## Your task
Exact copies of all entries are needed. Pictures are to be left out.

## Provided data
_ _ _ _ _ _ _

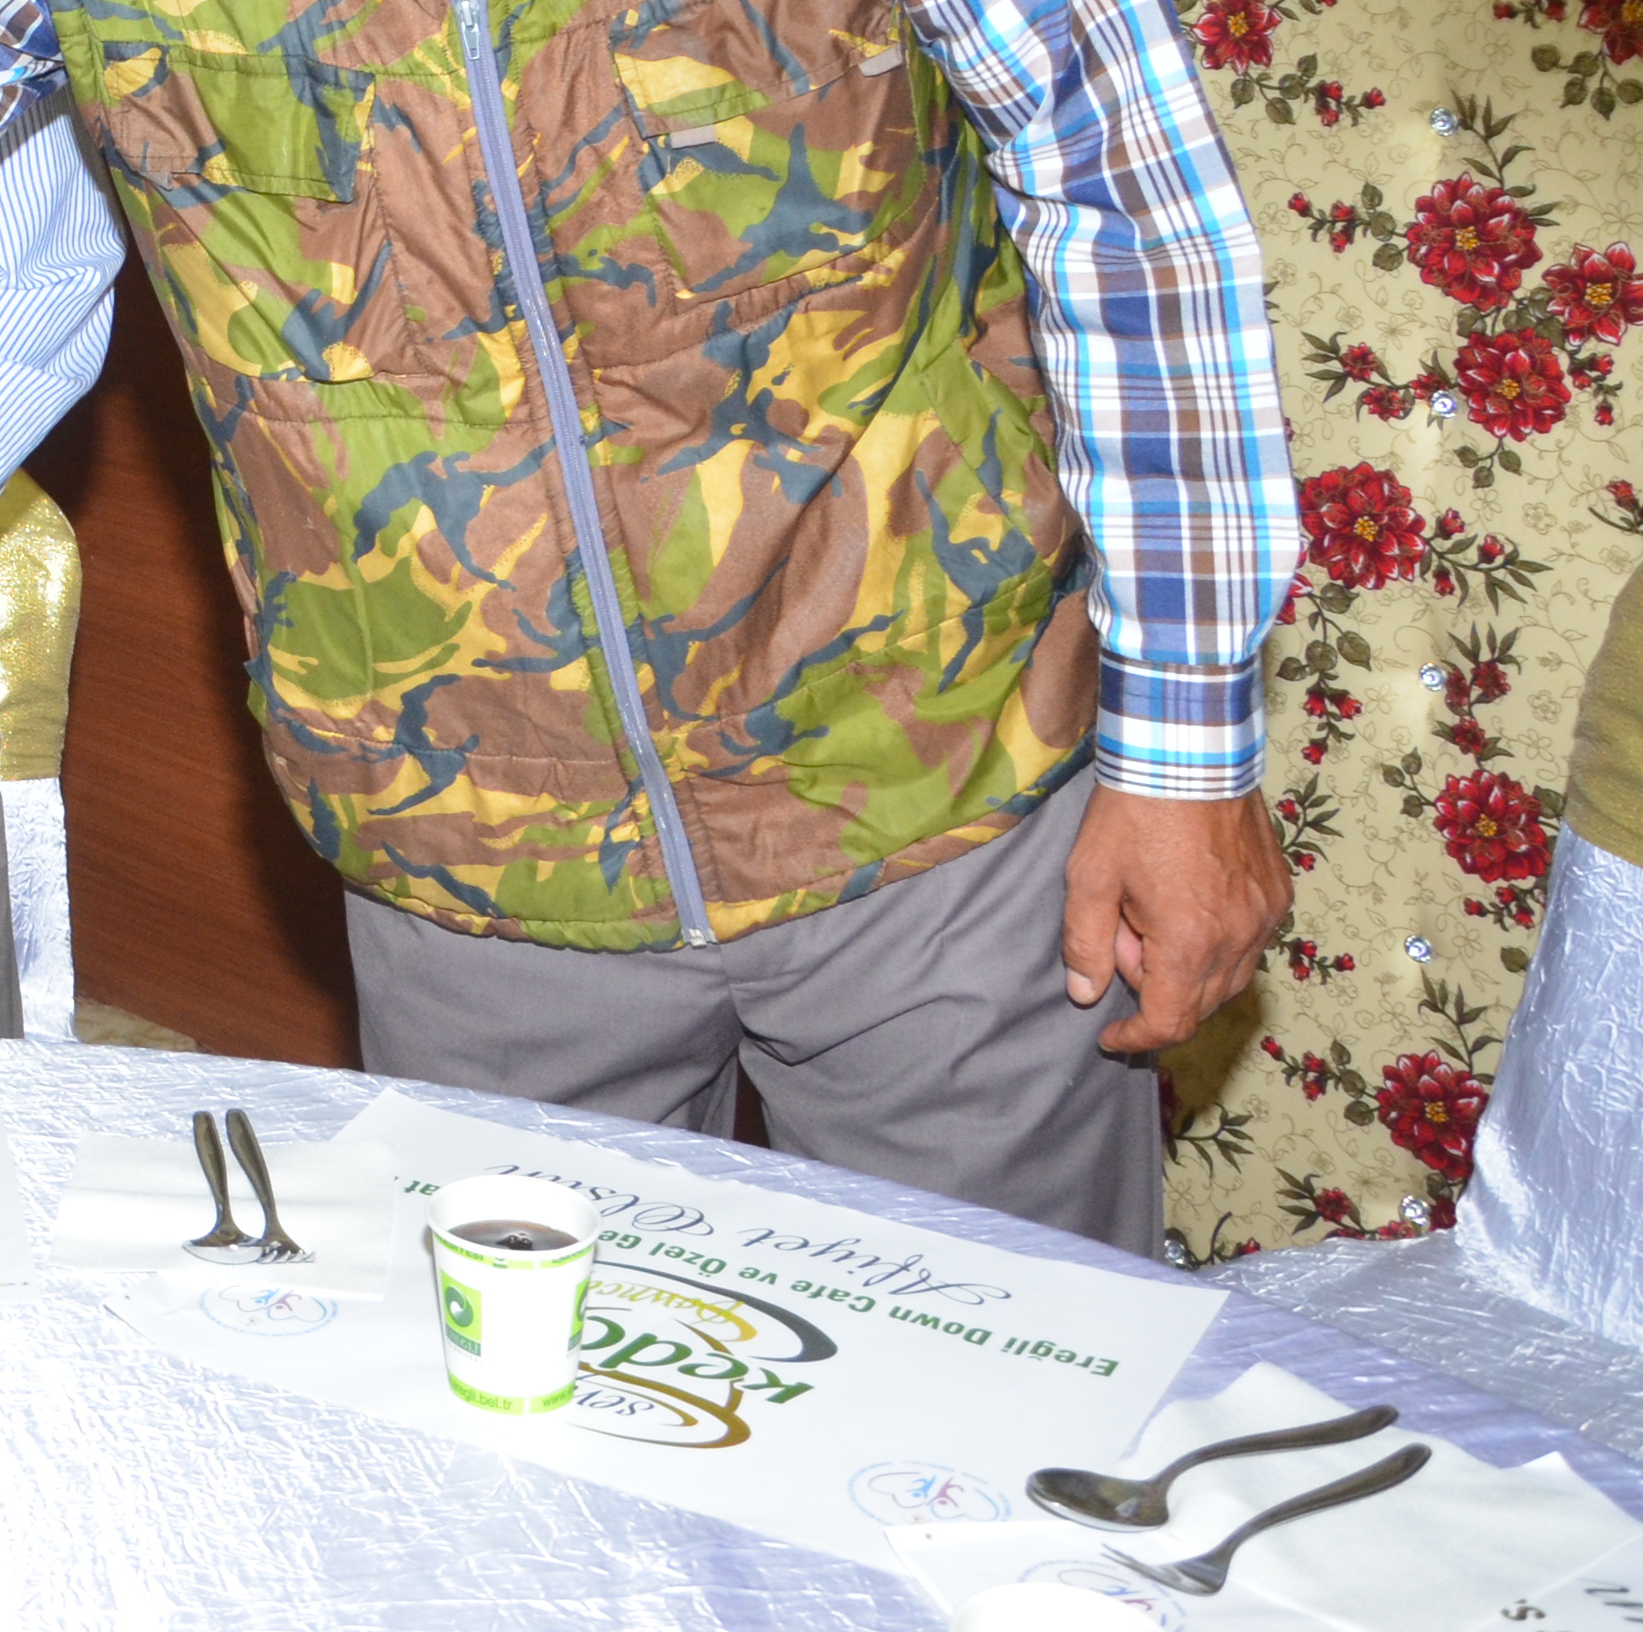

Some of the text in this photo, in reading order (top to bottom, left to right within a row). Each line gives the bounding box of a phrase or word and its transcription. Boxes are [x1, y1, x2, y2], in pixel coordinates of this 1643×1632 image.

[648, 1242, 1120, 1378] Ereğli Down Cafe ve Özel
[737, 1228, 1012, 1306] Afiyet
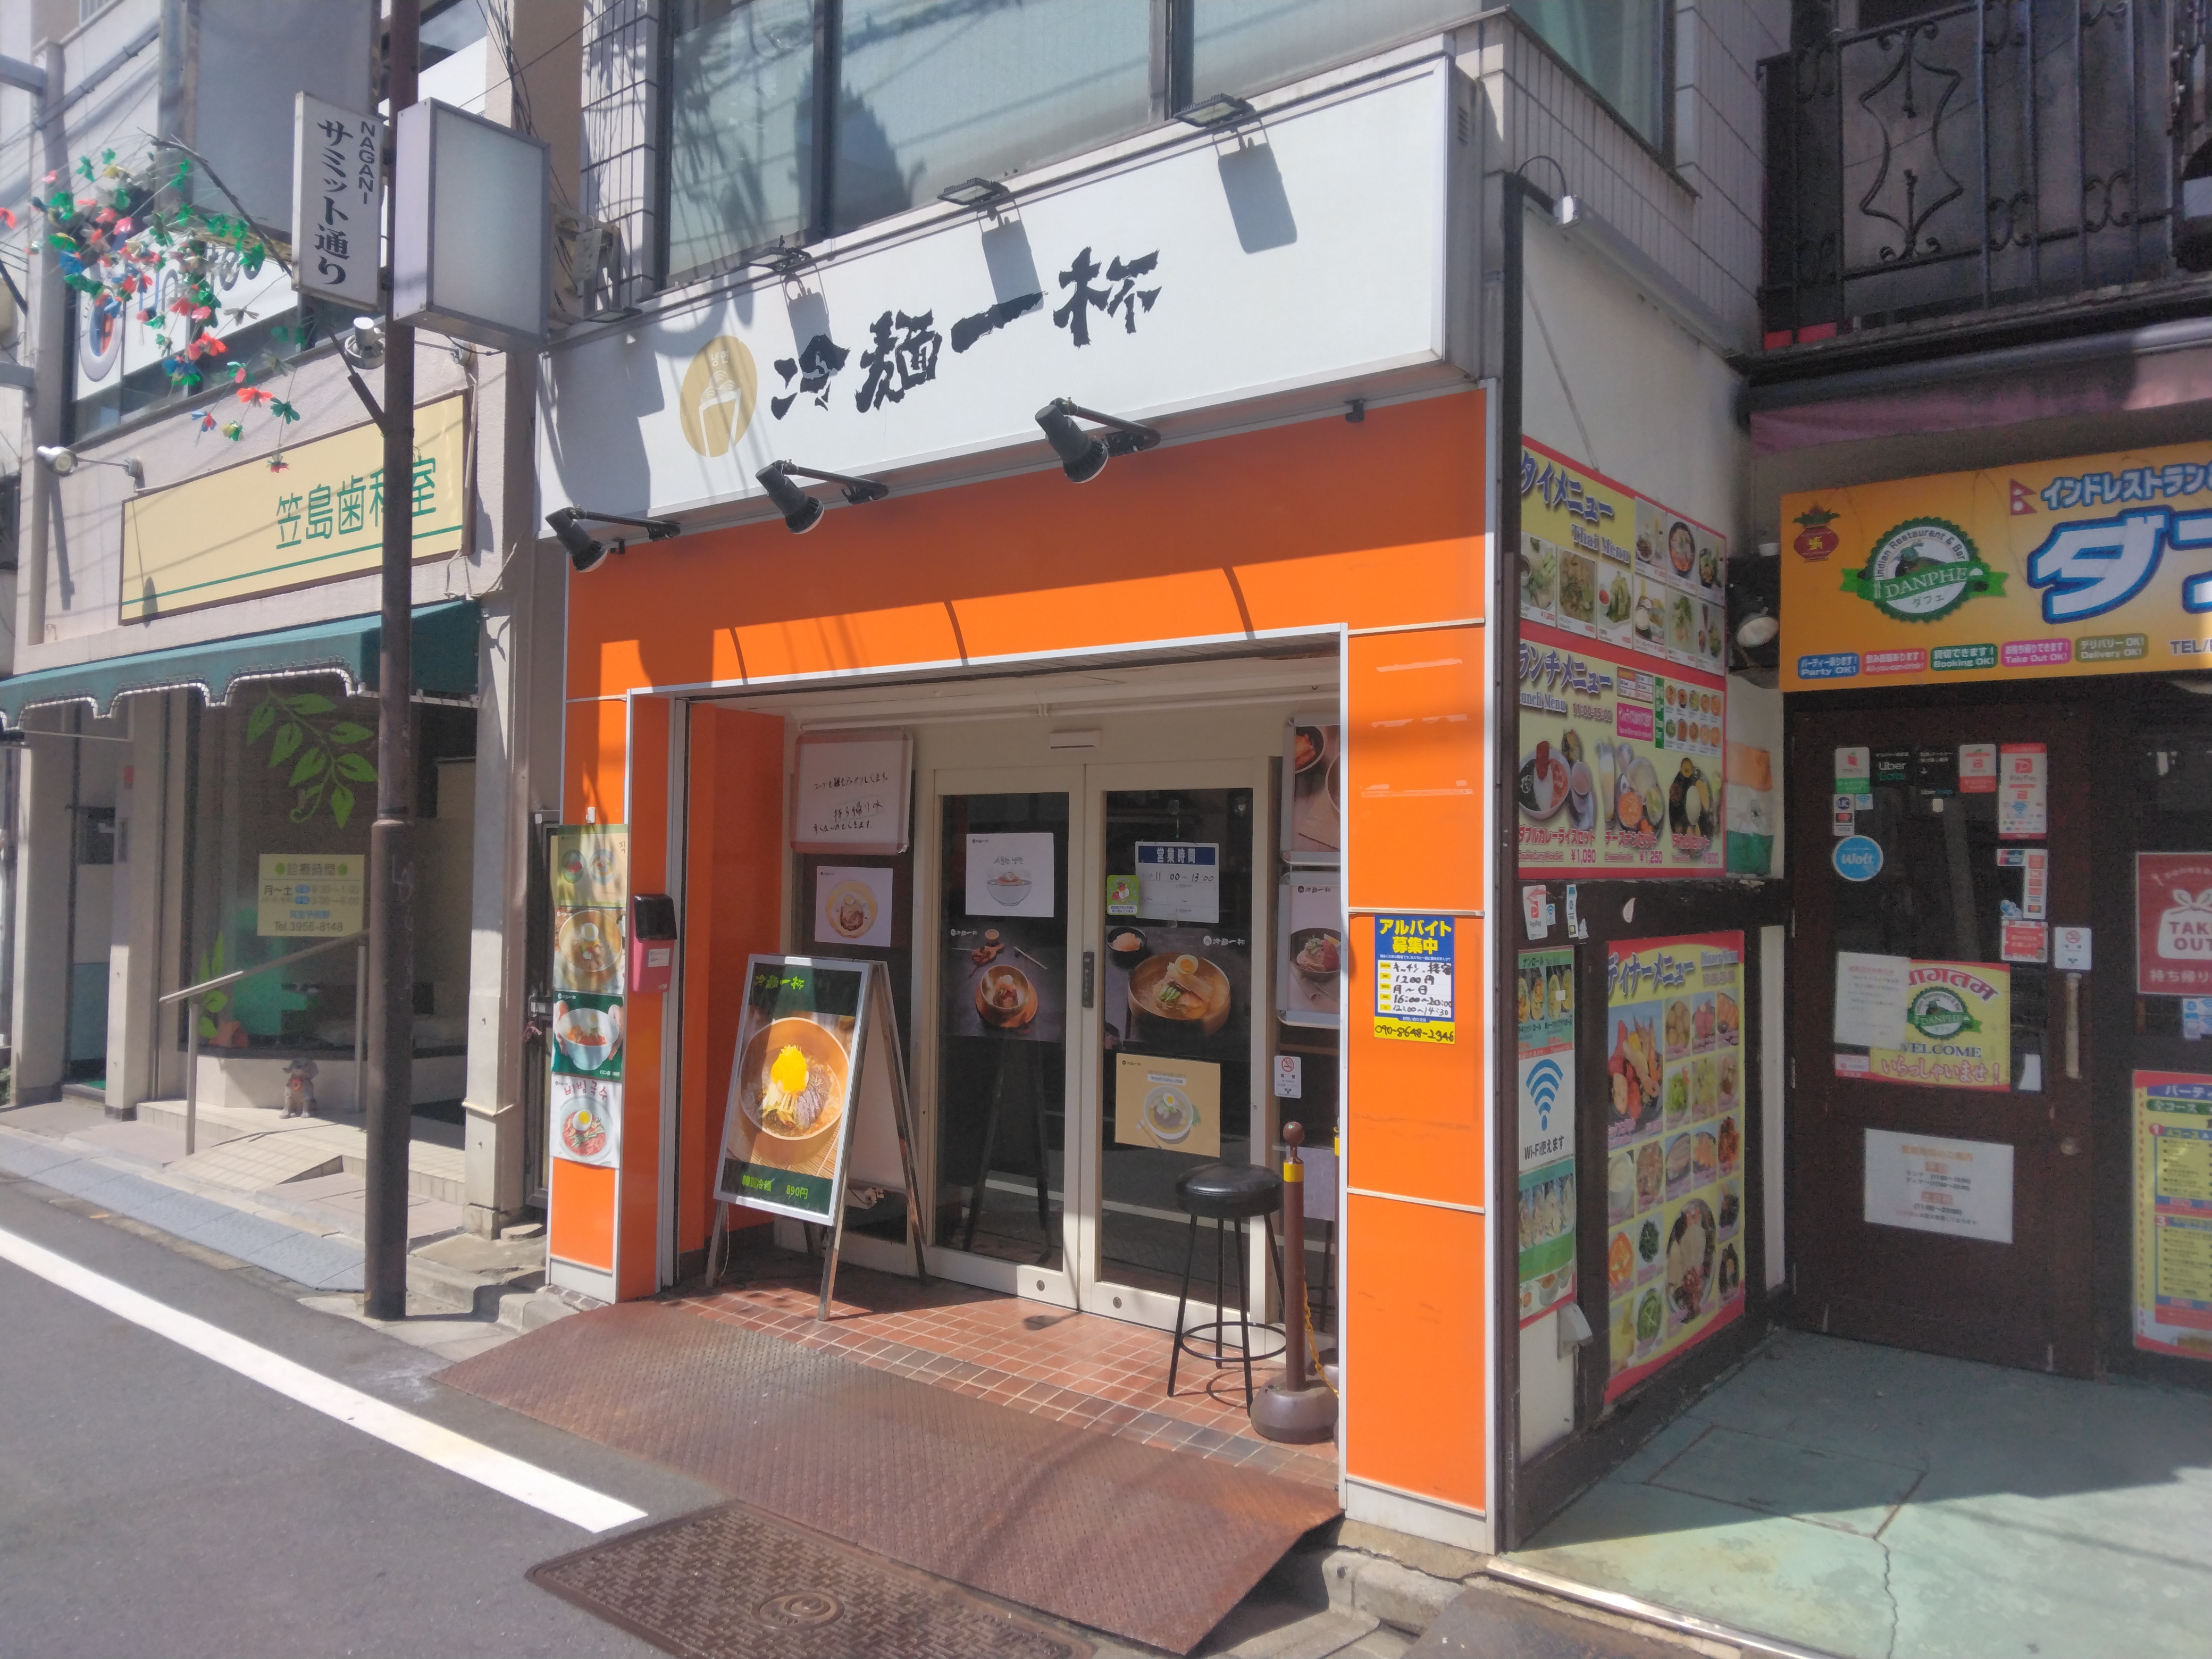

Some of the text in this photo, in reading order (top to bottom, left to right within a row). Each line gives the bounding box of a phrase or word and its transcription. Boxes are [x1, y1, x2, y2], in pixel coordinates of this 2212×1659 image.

[358, 120, 375, 205] NAGANI
[314, 119, 354, 286] サミット通り
[769, 246, 1163, 420] 冷麺一杯
[1521, 449, 1614, 522] タイメニュー
[2041, 460, 2212, 510] インドレストラン
[1571, 523, 1630, 564] Thai Menu
[1875, 528, 1967, 579] Indian Restaurant & Bar
[1884, 567, 1968, 599] DANPHE
[2081, 637, 2144, 649] デリバリー OK!
[2170, 639, 2212, 655] TEL/
[2050, 652, 2067, 661] OK!
[2081, 647, 2143, 659] Delivery OK!
[1520, 642, 1612, 694] ランチメニュー
[1933, 659, 1973, 668] Booking
[1544, 693, 1566, 713] Menu
[1879, 761, 1906, 770] Uber
[1519, 824, 1596, 847] ダブルカレーライスセット
[1605, 830, 1657, 848] チーズナンセット
[1157, 847, 1196, 864] 営業時間
[1571, 849, 1596, 865] ¥1,090
[264, 885, 293, 896] 月～土
[1379, 918, 1452, 937] アルバイト
[2168, 921, 2212, 935] TAK
[1392, 936, 1438, 955] 募集中
[1395, 975, 1435, 986] 1200円
[1608, 952, 1695, 995] ディナーメニュー
[564, 1079, 608, 1101] 비빔국수
[1524, 1135, 1565, 1160] Wi-Fi使えます
[786, 1184, 809, 1200] 890円

_ _ _ _ _ _ _

## Answer section
Some of the text in this photo, in reading order (top to bottom, left to right within a row). Each line gives the bounding box of a phrase or word and its transcription. Boxes are [x1, y1, x2, y2], in pixel coordinates of this 1643×1632 image.

[648, 1242, 1120, 1378] Ereğli Down Cafe ve Özel
[737, 1228, 1012, 1306] Afiyet

Some of the text in this photo, in reading order (top to bottom, left to right within a row). Each line gives the bounding box of a phrase or word and its transcription. Boxes are [x1, y1, x2, y2], in pixel coordinates of this 2212×1659 image.

[358, 120, 375, 205] NAGANI
[314, 119, 354, 286] サミット通り
[769, 246, 1163, 420] 冷麺一杯
[1521, 449, 1614, 522] タイメニュー
[2041, 460, 2212, 510] インドレストラン
[1571, 523, 1630, 564] Thai Menu
[1875, 528, 1967, 579] Indian Restaurant & Bar
[1884, 567, 1968, 599] DANPHE
[2081, 637, 2144, 649] デリバリー OK!
[2170, 639, 2212, 655] TEL/
[2050, 652, 2067, 661] OK!
[2081, 647, 2143, 659] Delivery OK!
[1520, 642, 1612, 694] ランチメニュー
[1933, 659, 1973, 668] Booking
[1544, 693, 1566, 713] Menu
[1879, 761, 1906, 770] Uber
[1519, 824, 1596, 847] ダブルカレーライスセット
[1605, 830, 1657, 848] チーズナンセット
[1157, 847, 1196, 864] 営業時間
[1571, 849, 1596, 865] ¥1,090
[264, 885, 293, 896] 月～土
[1379, 918, 1452, 937] アルバイト
[2168, 921, 2212, 935] TAK
[1392, 936, 1438, 955] 募集中
[1395, 975, 1435, 986] 1200円
[1608, 952, 1695, 995] ディナーメニュー
[564, 1079, 608, 1101] 비빔국수
[1524, 1135, 1565, 1160] Wi-Fi使えます
[786, 1184, 809, 1200] 890円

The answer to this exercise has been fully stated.